Another frequent visitor to Wrin’s shop is Chet Wilkington, a well-dressed nobleman obsessed with artifacts and old ruins who has recently returned home from Absalom. He usually carries an over-sized book (his “tome”), and he definitely reads a lot. Gardner has even watched him visiting the library. Chet obviously knows a great deal about the island’s history, as he likes to give long lectures on the subject.

Gardner has an identical pair of miner’s picks tucked in his belt, a rare gift from his proud father given to him and his twin brother Sawyer on their much anticipated fourteenth birthday, the day when they would be old enough to work beside the men, and prove themselves as able miners. The following morning, Sawyer was killed in a cave-in when the mountain floor collapsed beneath him, and a giant black hole swallowed him forever. Sawyer’s death was a momentous loss that Gardner has never been able to get over. He keeps his brother’s pick to remind him, lest he ever forgets, that it should have been him instead that walked into the mine on that fateful day.

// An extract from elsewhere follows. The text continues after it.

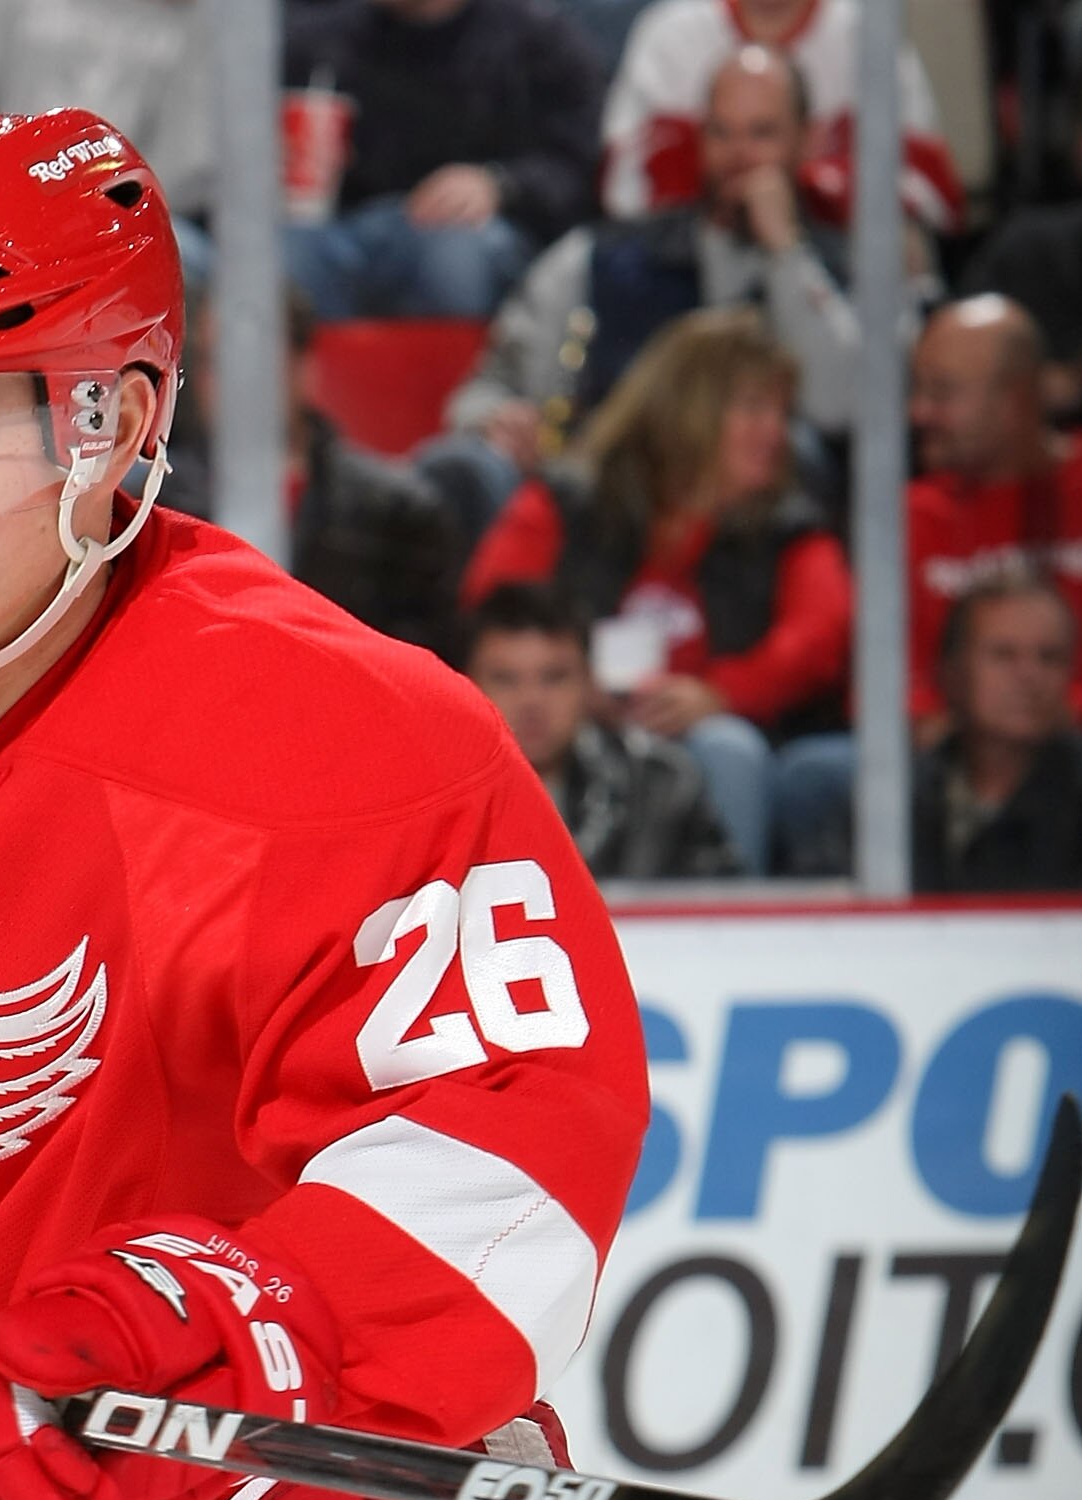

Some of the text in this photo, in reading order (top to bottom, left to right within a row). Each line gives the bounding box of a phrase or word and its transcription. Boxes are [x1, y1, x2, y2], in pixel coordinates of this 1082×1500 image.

[28, 150, 75, 183] Red
[352, 858, 591, 1092] 26
[263, 1277, 293, 1303] 26
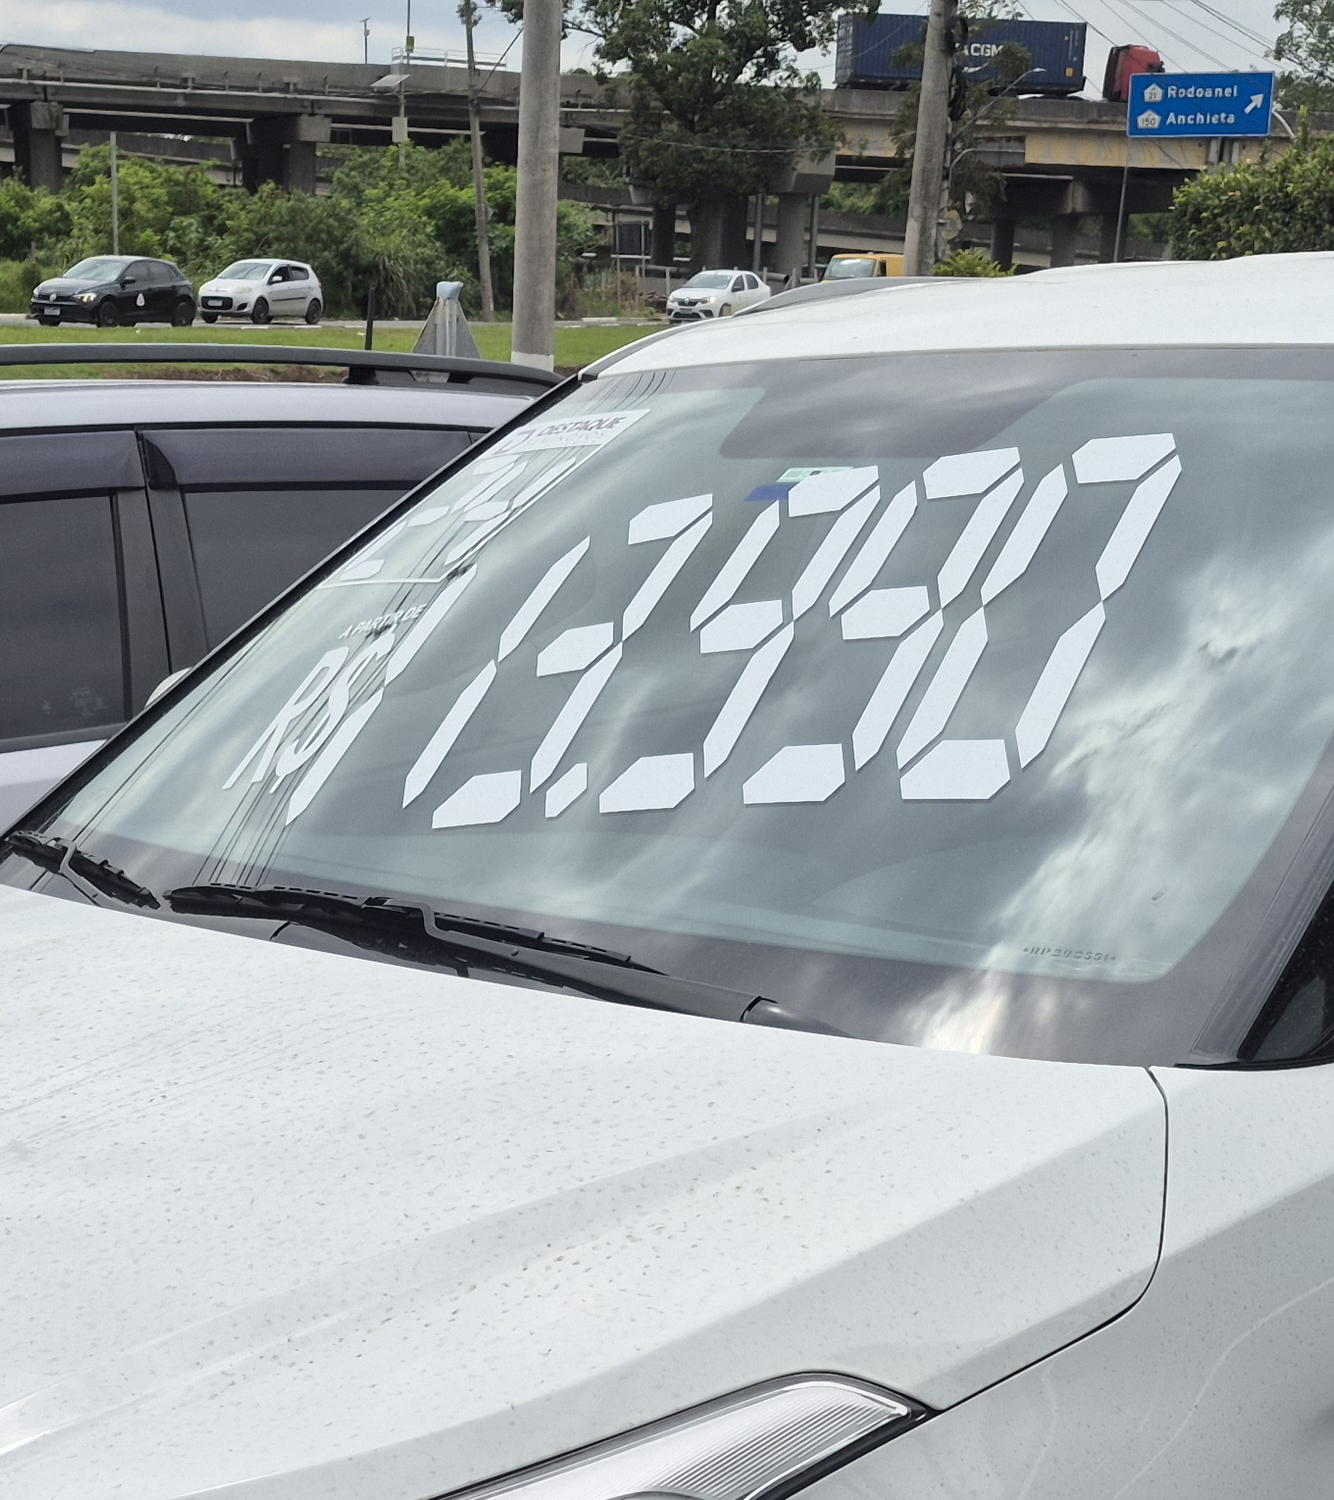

Gardner has an unhealthy habit of brooding about the past, especially when there is nothing else to do. He still mourns his brother, constantly blaming himself for not being there when Sawyer died all those years ago. Riddled with guilt and self-doubt, he is certain of his own imminent death. The omens are everywhere, as they always have been.

Along with his two picks, Gardner carries a small backpack and a shortbow for hunting.